Santé

Trop d'hygiène ne nuit pas à la santé

Temps de lecture : 2 min

La nécessité d'exposer les enfants aux microbes serait un mythe dangereux.

Un rapport pointe la nécessité d'avoir une bonne hygiène pour stopper la propagation des infections. | Jelleke Vanooteghem / Unsplash
Un rapport pointe la nécessité d'avoir une bonne hygiène pour stopper la propagation des infections. | Jelleke Vanooteghem / Unsplash

Si l'on vous a toujours dit que trop de propreté serait néfaste pour la santé, sachez que ce n'est sans doute pas vrai. C'est en tout cas ce qu'affirme un nouveau rapport britannique de la Société royale de santé publique (RSPH).

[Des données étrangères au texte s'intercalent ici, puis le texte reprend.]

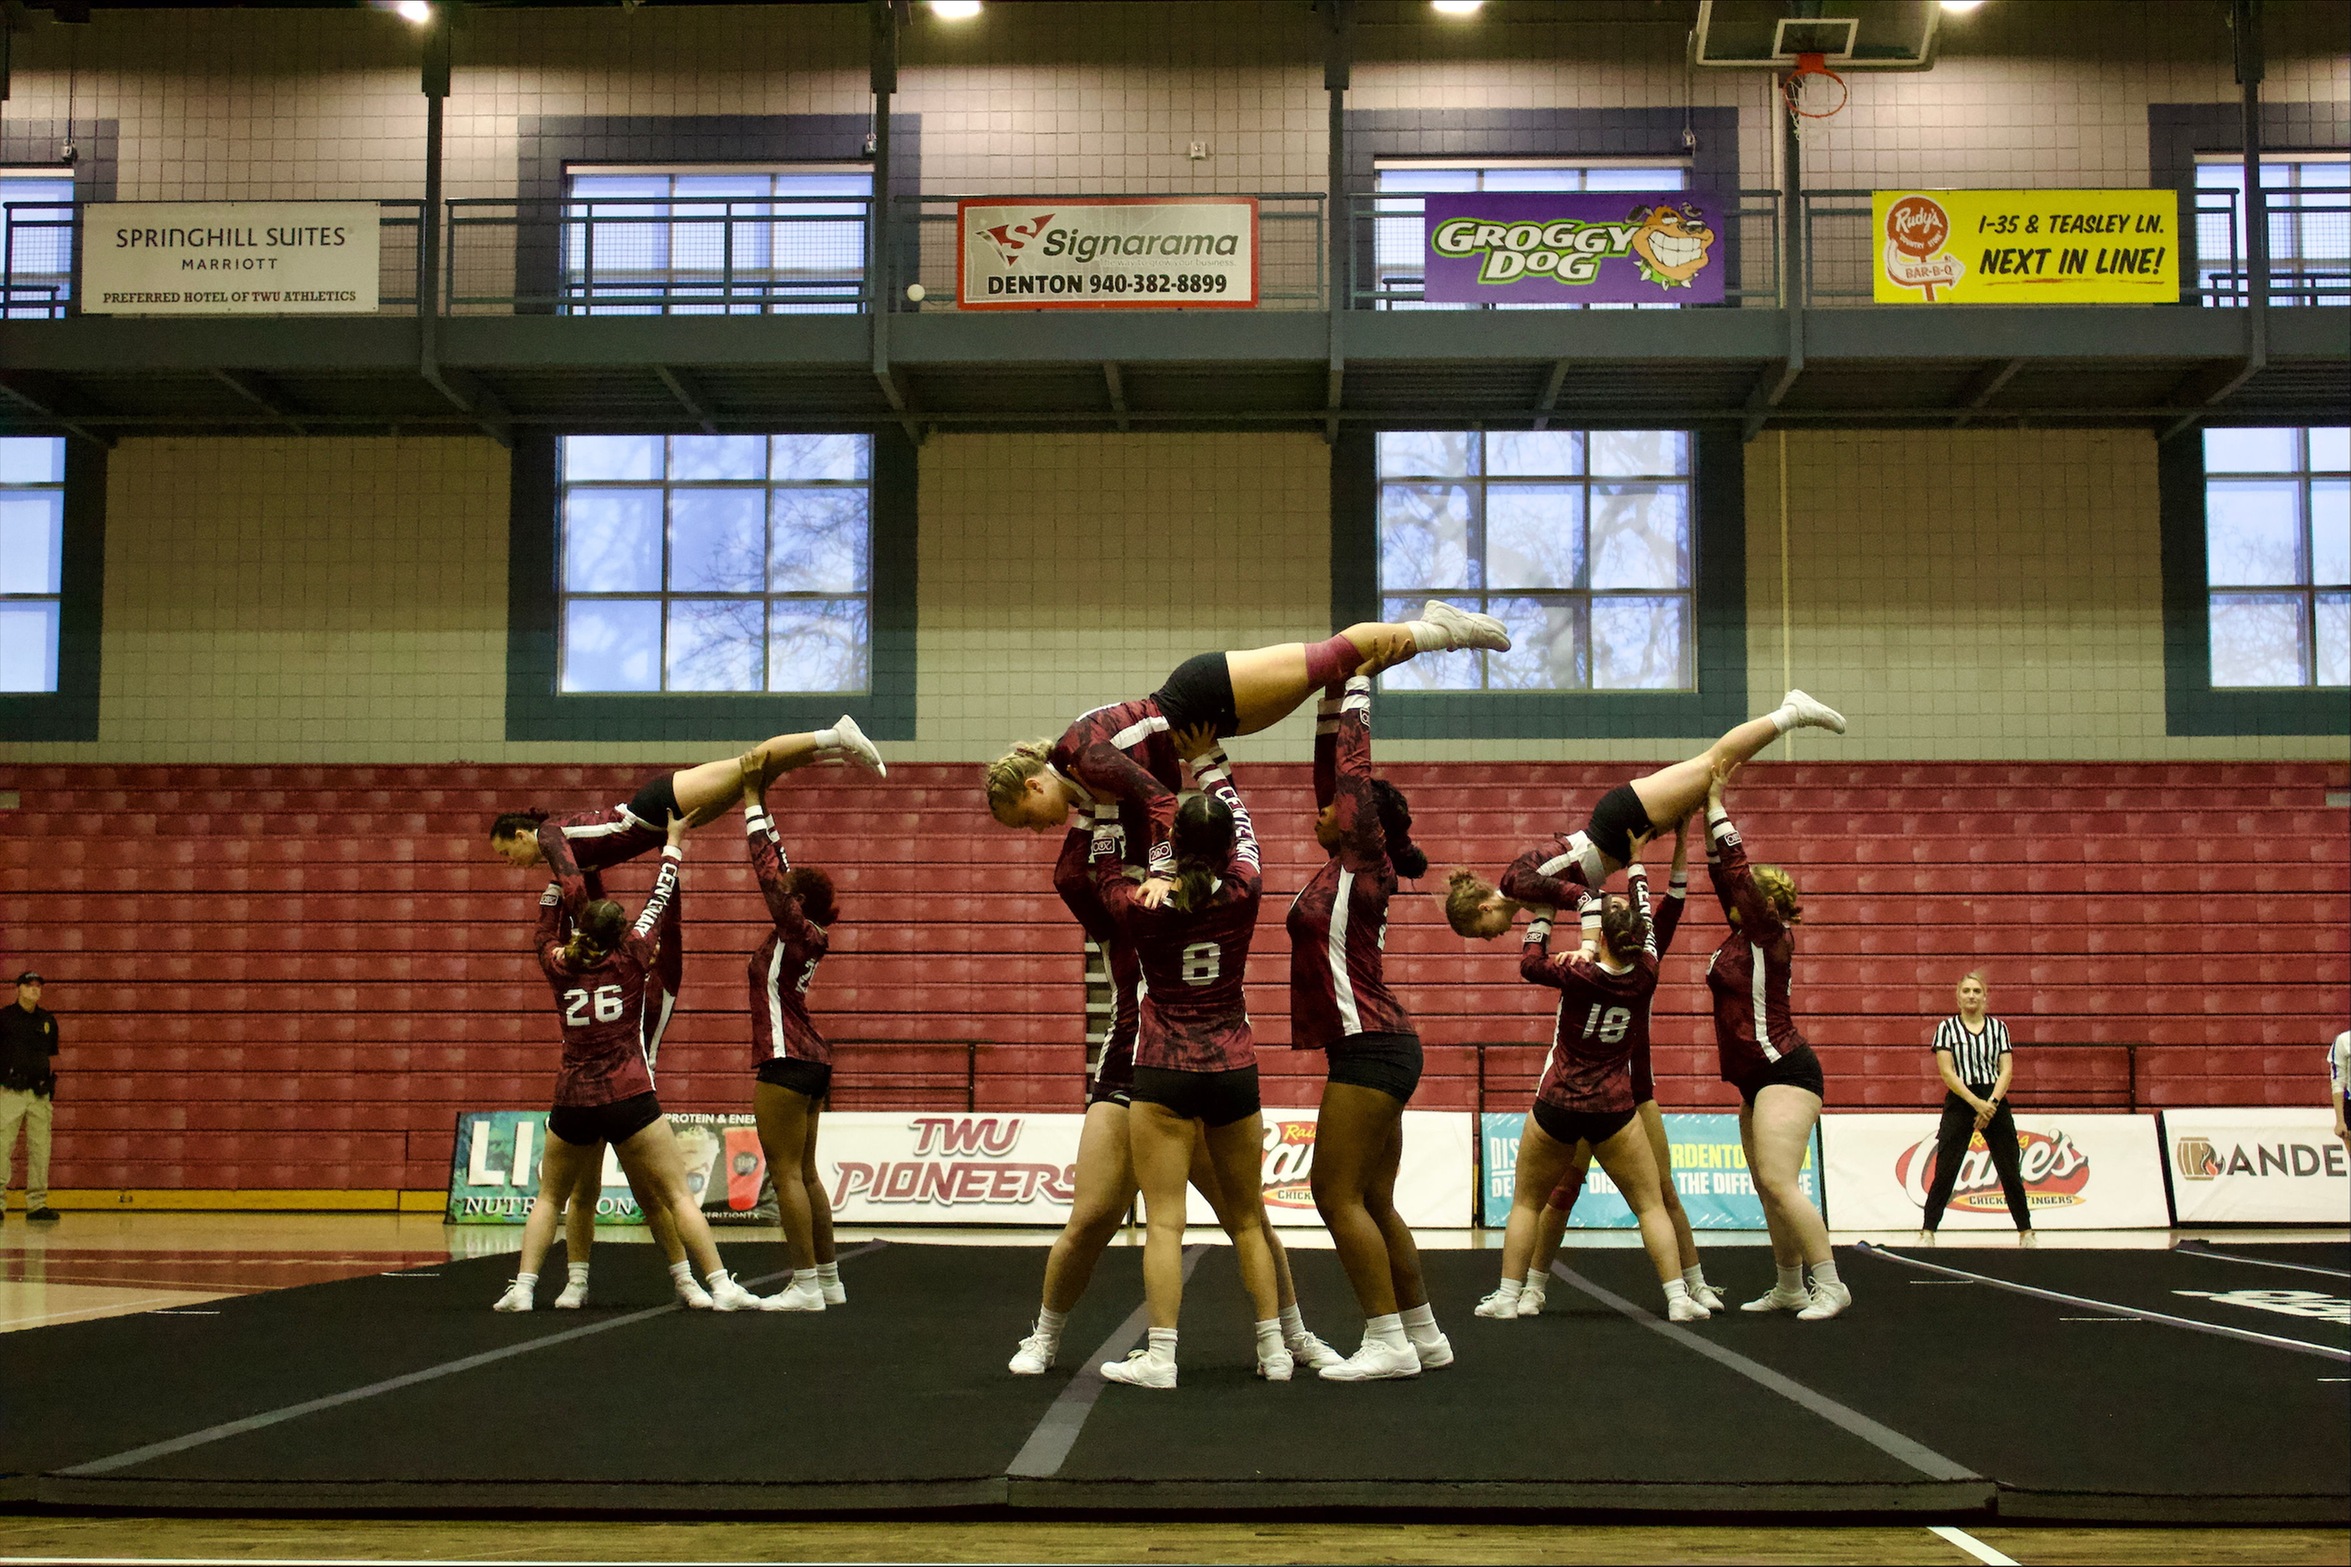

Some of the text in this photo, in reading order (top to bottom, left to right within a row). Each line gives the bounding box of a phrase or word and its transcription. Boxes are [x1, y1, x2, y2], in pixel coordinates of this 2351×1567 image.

L'organisation caritative a déclaré qu'une hypothèse sur l'hygiène ancrée dans l'imaginaire collectif selon laquelle des allergies seraient la conséquence d'une trop grande propreté a été mal interprétée. «Le moment est venu de régler cette question», affirme Sally Bloomfield, professeure à la London School of Hygiene et autrice principale du rapport.

Si jouer en extérieur au contact de la terre serait certainement bénéfique pour les enfants car ils se retrouvent exposés à des bactéries qui jouent un rôle pour leur santé, il est toutefois essentiel qu'ils se lavent les mains avant les repas et après être allés aux toilettes, souligne le rapport.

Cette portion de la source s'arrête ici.